▸ **What to work on**
Each record below should be returned exactly, with its pictures left out.

[[ Input data, beginning ]]

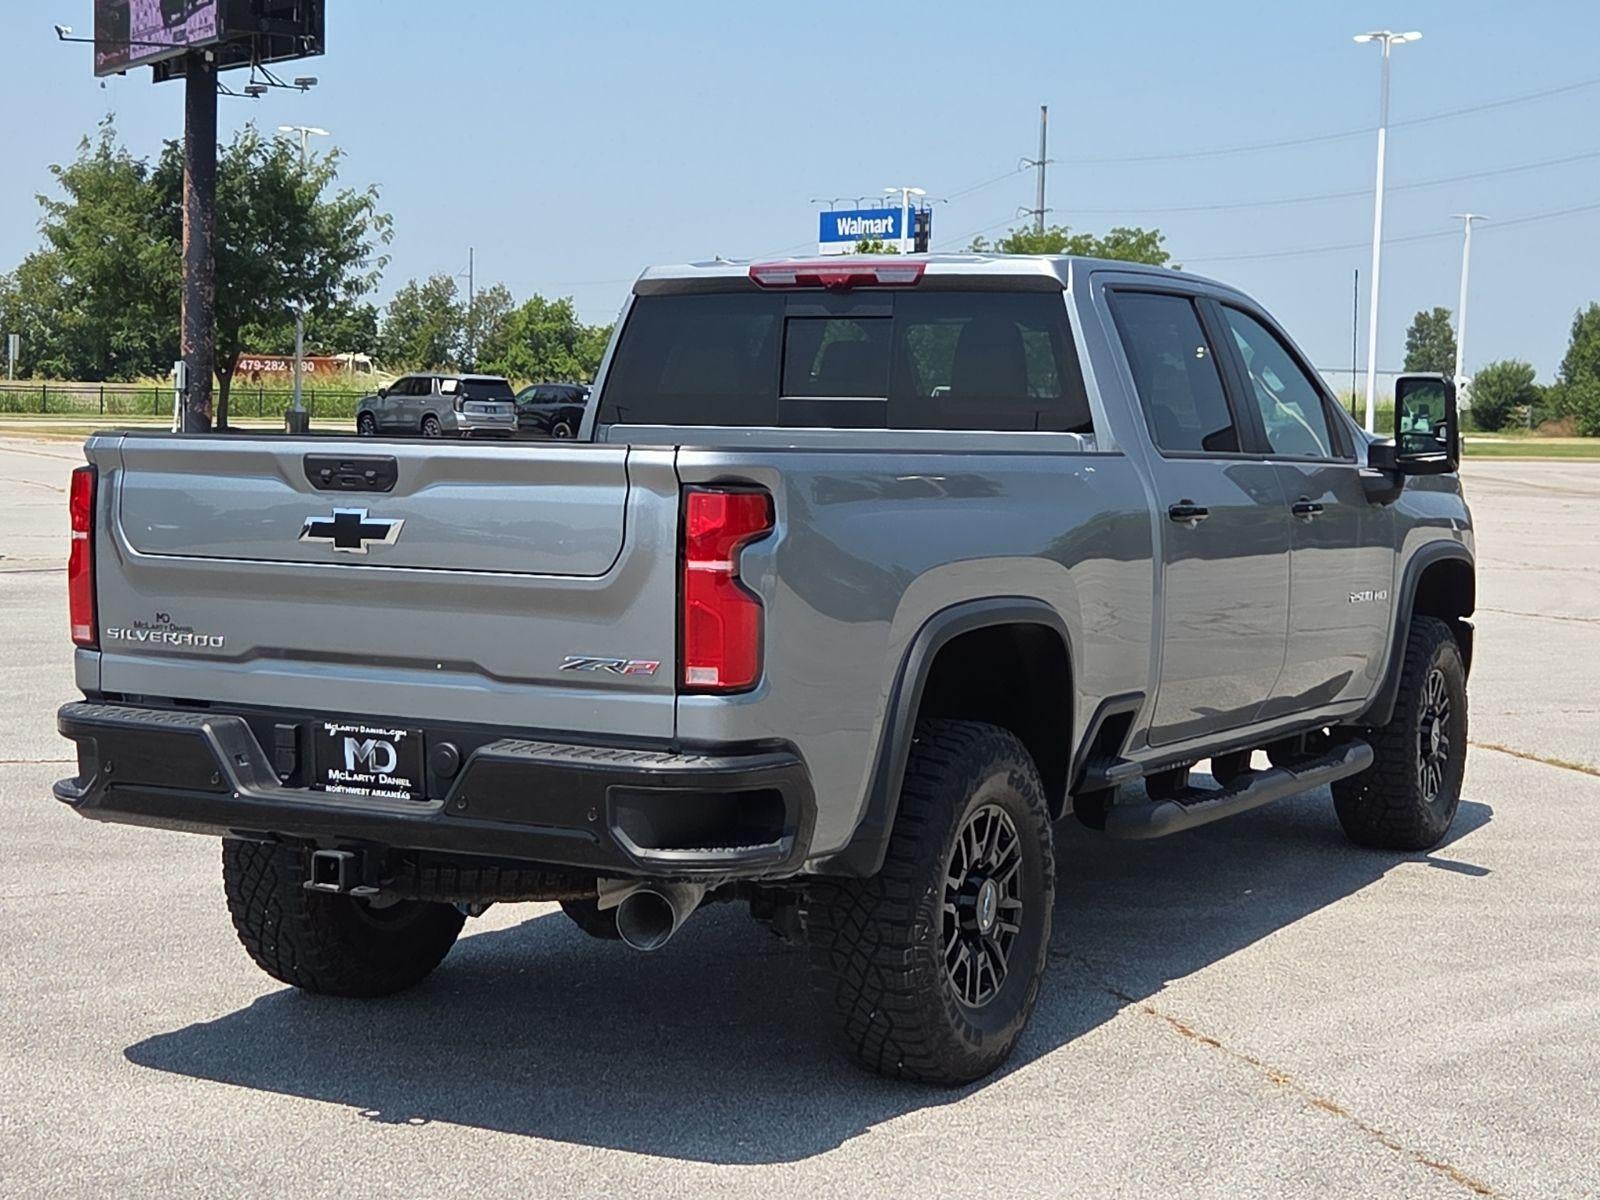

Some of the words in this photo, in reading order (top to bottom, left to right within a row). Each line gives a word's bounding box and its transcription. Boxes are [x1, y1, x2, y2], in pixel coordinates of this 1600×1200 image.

[837, 215, 894, 236] Walmart
[106, 627, 225, 648] SILVERADO
[558, 655, 661, 675] ZR2
[344, 736, 397, 773] MD
[325, 784, 371, 796] NORTHWEST
[371, 788, 411, 800] ARKANSAS

[[ Input data, end ]]

▸ **Response area**
Some of the words in this photo, in reading order (top to bottom, left to right within a row). Each line gives a word's bounding box and its transcription. Boxes are [x1, y1, x2, y2], in pixel coordinates of this 1600×1200 image.

[837, 215, 894, 236] Walmart
[106, 627, 225, 648] SILVERADO
[558, 655, 661, 675] ZR2
[344, 736, 397, 773] MD
[325, 784, 371, 796] NORTHWEST
[371, 788, 411, 800] ARKANSAS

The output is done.